Tuesday, November 19, 2019


In fostering you sometimes meet the parents of your foster child.

Before I came into fostering I had no idea I would, but you do. Not always but often.

There's a law that says that children in care must have contact with their 'significant others', usually once a week on average. And it often falls to us - the Carers - to transport the children to these contacts. It might be at a Contact Centre or sometimes at McDonalds. We get to see, sometimes greet and even have conversations with our foster children's real parents.

Awkward isn't the word. But it usually works out.

It is never - in my experience - unpleasant (the real parents are aware they are under scrutiny so even if they feel any resentment I have only ever found it to be controlled and mild).

From time to time I put myself in their shoes. How must they feel?

The parents of children who come into fostering have, in the eyes of authority, got parenting wrong.

We all get things wrong and it hurts to admit it. Better to blame someone else. When I get a parking ticket it's because the signs weren't clear or the machine was out of order.

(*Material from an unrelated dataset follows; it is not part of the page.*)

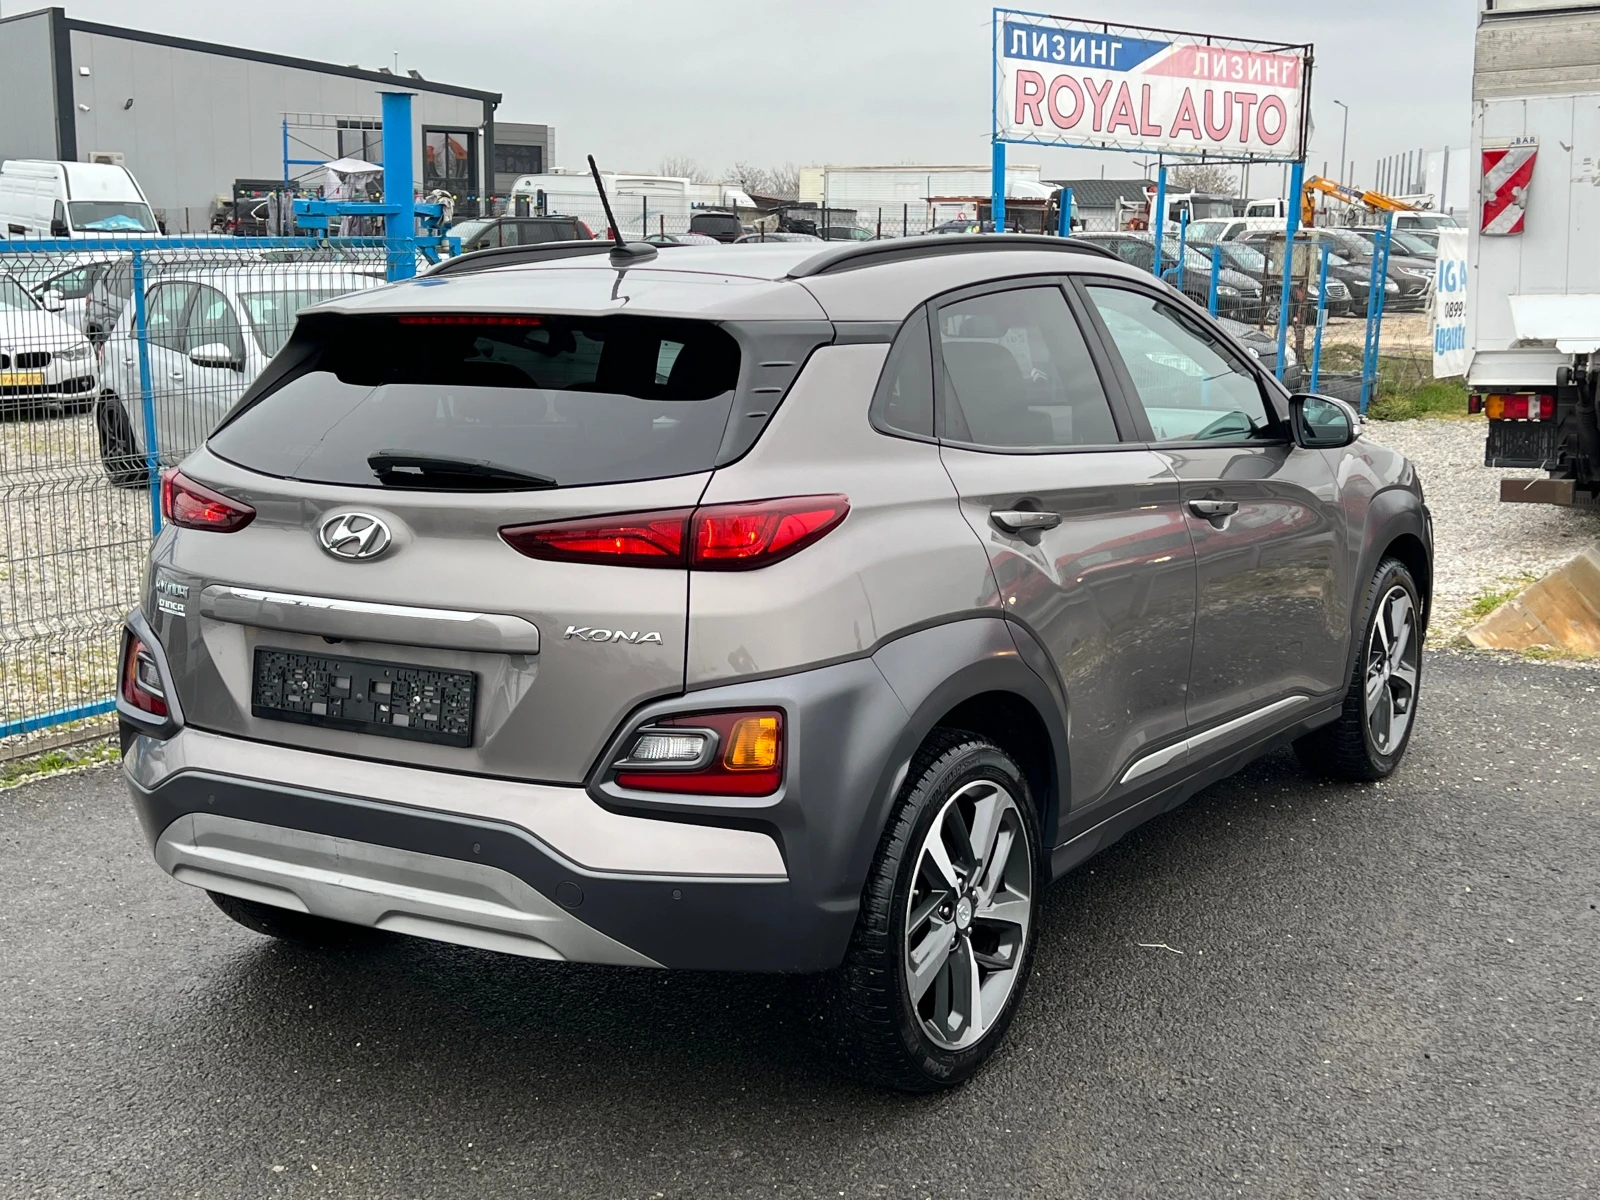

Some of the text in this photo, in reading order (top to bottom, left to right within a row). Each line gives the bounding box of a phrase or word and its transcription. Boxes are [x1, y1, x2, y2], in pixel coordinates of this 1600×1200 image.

If my children were taken away from me - and I can hardly imagine anything much worse - I would be unlikely to accept it was because I got my parenting wrong.

So let me tell you how it seems to me for most parents of children who are taken away from them and  put into care. It's this; they don't know how innocent they really are.

When you bump into them, often in a car park for example, they are usually at pains to be model parents. Sometimes you believe you can see where they might be going wrong; they might berate their children for being 'naughty' - as in running across the car park towards them.

One thing I've noticed a lot is the real parent's demanding their children are 'polite' - which seems to be little more than the extensive use of the words 'please' and 'thank you', which is nice but a bit superficial.

Here's my thing; I often ask social workers what they can tell me about the parents. The problem here is data protection and privacy rights and fair enough to  all that, but that's balanced by our need, as Foster Carers, to know everything we can know to HELP our foster children.

The information that helps us sometimes comes from the foster children themselves who might tell us, unprompted, background they've learned about what happened to their own parents when they were younger.

You might wonder 'such as?'

Okay, here's an example.

A child who stayed with a Foster Carer who is a friend of mine had experienced a terrible time at home, her mother had mental health problems and the child had begun to become her mother's carer.

Her father, who had been absent for years but turned up every so often, spent much of his time in Lincolnshire. The child had heard him repeatedly telling her mother that his father - who he had never met - was believed to be working in Lincolnshire. She heard her father shout as she listened from upstairs to the arguments, that he wanted to find his father and have it out with him.

The child's mother had, at age 17, conceived her second baby. The child, from an early age, knew that her mother's father had been abusive to her mother but was still too young to understand what that meant.

The child's mother and father had themselves had an awful childhood. Yet they somehow thought they knew enough to get it right when it was their turn. Or did they give it any thought at all?

In fostering we are often aghast at the awful parenting that results in children being taken into care.

But meeting those parents often helps us understand how they came to be awful parents.